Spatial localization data
━━━━━━
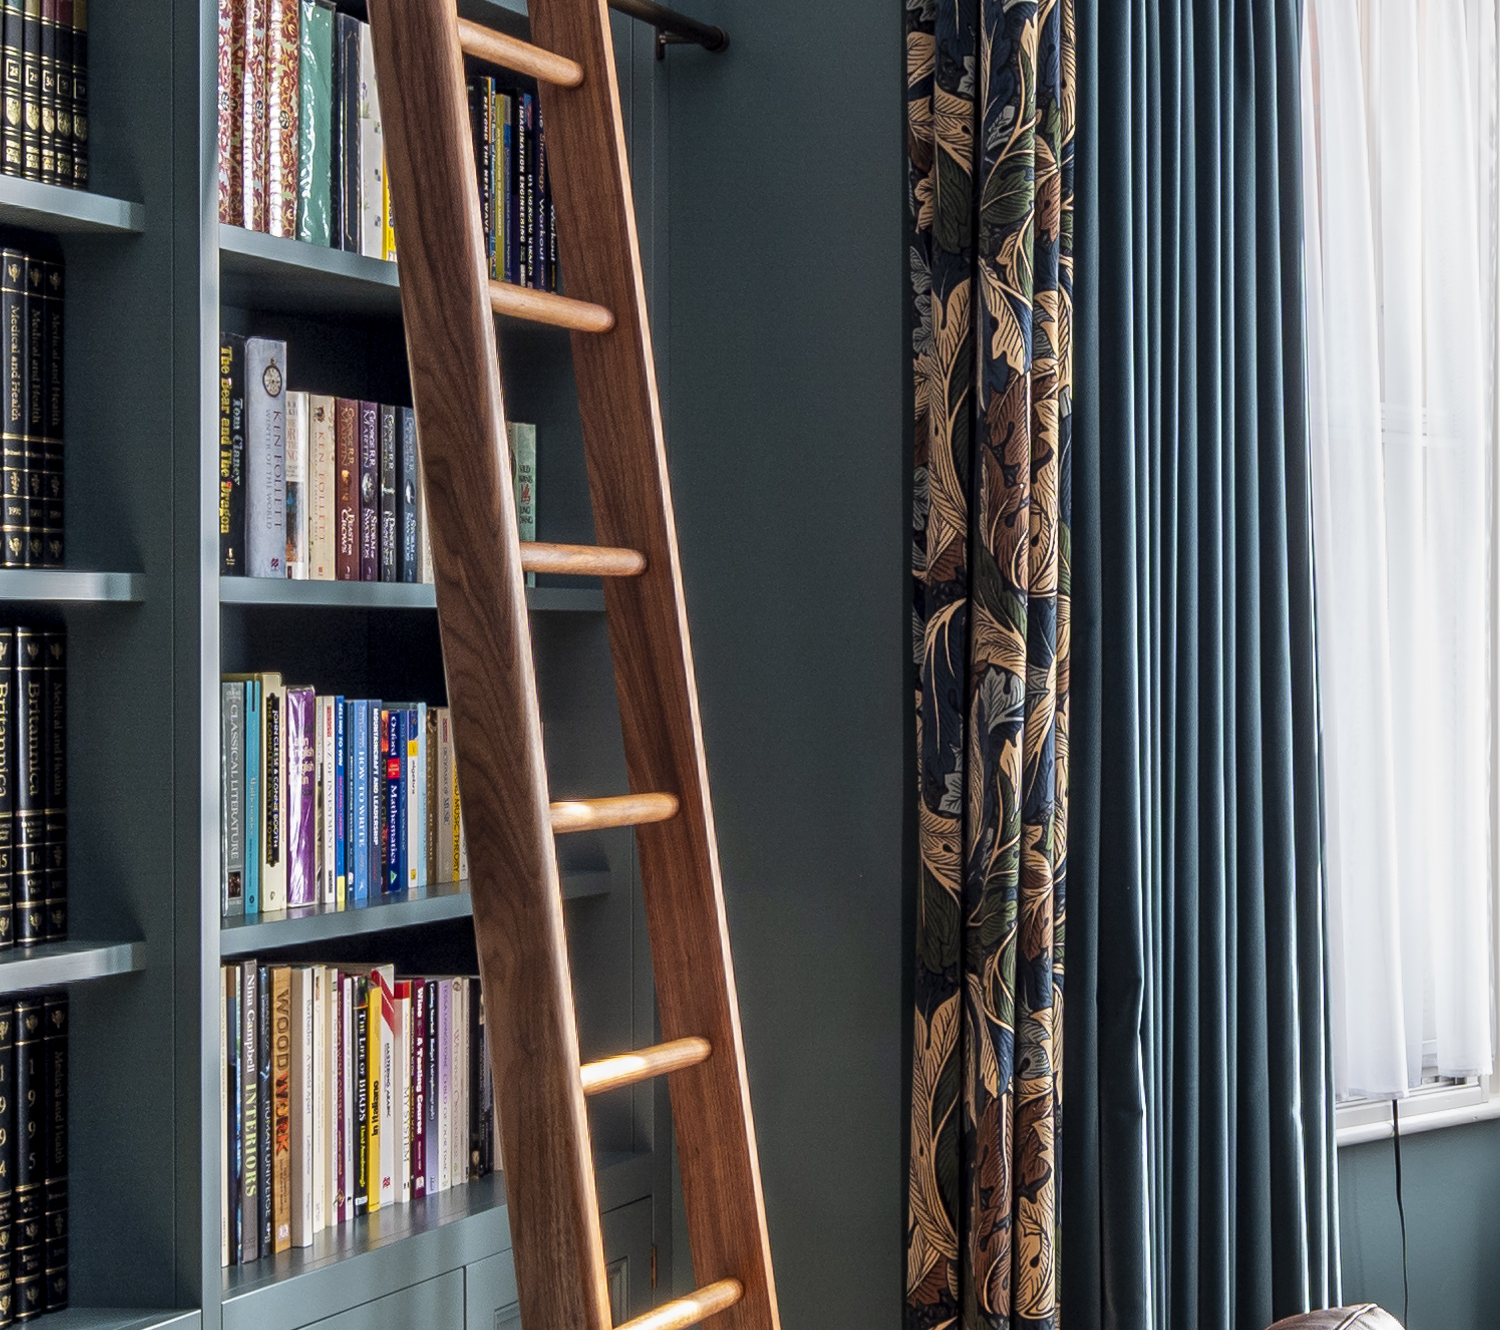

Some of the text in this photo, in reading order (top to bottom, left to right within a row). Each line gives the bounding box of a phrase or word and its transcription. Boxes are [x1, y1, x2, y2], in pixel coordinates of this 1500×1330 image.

[230, 704, 240, 859] CLASSICAL LITERATURE
[390, 785, 398, 864] Mathematics
[246, 974, 256, 1072] Nina Campbell
[246, 1084, 257, 1197] INTERIORS
━━━━━━
## What you need to do:
Set down every record exactly, without the pictures.

## Answer to this problem:
Some of the text in this photo, in reading order (top to bottom, left to right within a row). Each line gives the bounding box of a phrase or word and its transcription. Boxes are [x1, y1, x2, y2], in pixel coordinates of this 1500×1330 image.

[230, 704, 240, 859] CLASSICAL LITERATURE
[390, 785, 398, 864] Mathematics
[246, 974, 256, 1072] Nina Campbell
[246, 1084, 257, 1197] INTERIORS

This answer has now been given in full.